**Work instruction**:
Look for the line containing "this 2352×1568 image." in the listing below; from there, output every line exactly, the last one included.

**Information given**:
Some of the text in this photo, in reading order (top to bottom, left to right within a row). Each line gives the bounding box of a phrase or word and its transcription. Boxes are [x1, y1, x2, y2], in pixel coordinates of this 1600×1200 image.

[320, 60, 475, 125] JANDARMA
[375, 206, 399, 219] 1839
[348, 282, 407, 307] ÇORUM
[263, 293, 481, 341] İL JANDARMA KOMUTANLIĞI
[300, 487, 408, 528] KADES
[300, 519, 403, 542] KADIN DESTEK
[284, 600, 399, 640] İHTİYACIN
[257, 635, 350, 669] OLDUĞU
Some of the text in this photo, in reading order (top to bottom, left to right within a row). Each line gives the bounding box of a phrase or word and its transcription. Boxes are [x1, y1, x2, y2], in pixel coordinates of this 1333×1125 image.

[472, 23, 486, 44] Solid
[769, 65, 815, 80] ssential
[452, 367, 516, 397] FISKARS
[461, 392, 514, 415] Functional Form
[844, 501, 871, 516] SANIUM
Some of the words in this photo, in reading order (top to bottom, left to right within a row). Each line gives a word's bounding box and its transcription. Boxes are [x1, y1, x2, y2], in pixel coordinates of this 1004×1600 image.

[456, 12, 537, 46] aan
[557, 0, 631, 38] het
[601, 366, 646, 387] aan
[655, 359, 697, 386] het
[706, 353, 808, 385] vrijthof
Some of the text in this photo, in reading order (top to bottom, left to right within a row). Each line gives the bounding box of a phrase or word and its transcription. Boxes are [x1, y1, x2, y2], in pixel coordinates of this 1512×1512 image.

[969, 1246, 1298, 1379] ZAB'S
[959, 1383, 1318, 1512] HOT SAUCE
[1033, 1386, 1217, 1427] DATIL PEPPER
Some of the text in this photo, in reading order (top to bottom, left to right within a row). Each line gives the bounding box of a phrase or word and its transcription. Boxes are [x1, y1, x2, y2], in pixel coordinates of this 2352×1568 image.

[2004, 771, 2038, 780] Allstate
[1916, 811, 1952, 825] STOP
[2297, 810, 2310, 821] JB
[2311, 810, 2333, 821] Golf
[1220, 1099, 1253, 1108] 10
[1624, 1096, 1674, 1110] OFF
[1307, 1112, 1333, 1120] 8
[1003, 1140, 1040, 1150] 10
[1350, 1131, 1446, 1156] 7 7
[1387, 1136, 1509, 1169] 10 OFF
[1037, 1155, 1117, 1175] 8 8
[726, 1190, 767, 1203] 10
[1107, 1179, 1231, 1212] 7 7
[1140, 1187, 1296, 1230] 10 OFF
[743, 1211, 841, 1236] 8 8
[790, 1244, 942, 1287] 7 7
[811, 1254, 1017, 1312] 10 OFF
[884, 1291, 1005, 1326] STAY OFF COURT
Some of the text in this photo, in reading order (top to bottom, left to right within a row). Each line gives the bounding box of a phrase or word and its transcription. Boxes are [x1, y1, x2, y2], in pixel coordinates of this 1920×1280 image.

**Answer box**:
Some of the text in this photo, in reading order (top to bottom, left to right within a row). Each line gives the bounding box of a phrase or word and its transcription. Boxes are [x1, y1, x2, y2], in pixel coordinates of this 2352×1568 image.

[2004, 771, 2038, 780] Allstate
[1916, 811, 1952, 825] STOP
[2297, 810, 2310, 821] JB
[2311, 810, 2333, 821] Golf
[1220, 1099, 1253, 1108] 10
[1624, 1096, 1674, 1110] OFF
[1307, 1112, 1333, 1120] 8
[1003, 1140, 1040, 1150] 10
[1350, 1131, 1446, 1156] 7 7
[1387, 1136, 1509, 1169] 10 OFF
[1037, 1155, 1117, 1175] 8 8
[726, 1190, 767, 1203] 10
[1107, 1179, 1231, 1212] 7 7
[1140, 1187, 1296, 1230] 10 OFF
[743, 1211, 841, 1236] 8 8
[790, 1244, 942, 1287] 7 7
[811, 1254, 1017, 1312] 10 OFF
[884, 1291, 1005, 1326] STAY OFF COURT
Some of the text in this photo, in reading order (top to bottom, left to right within a row). Each line gives the bounding box of a phrase or word and its transcription. Boxes are [x1, y1, x2, y2], in pixel coordinates of this 1920×1280 image.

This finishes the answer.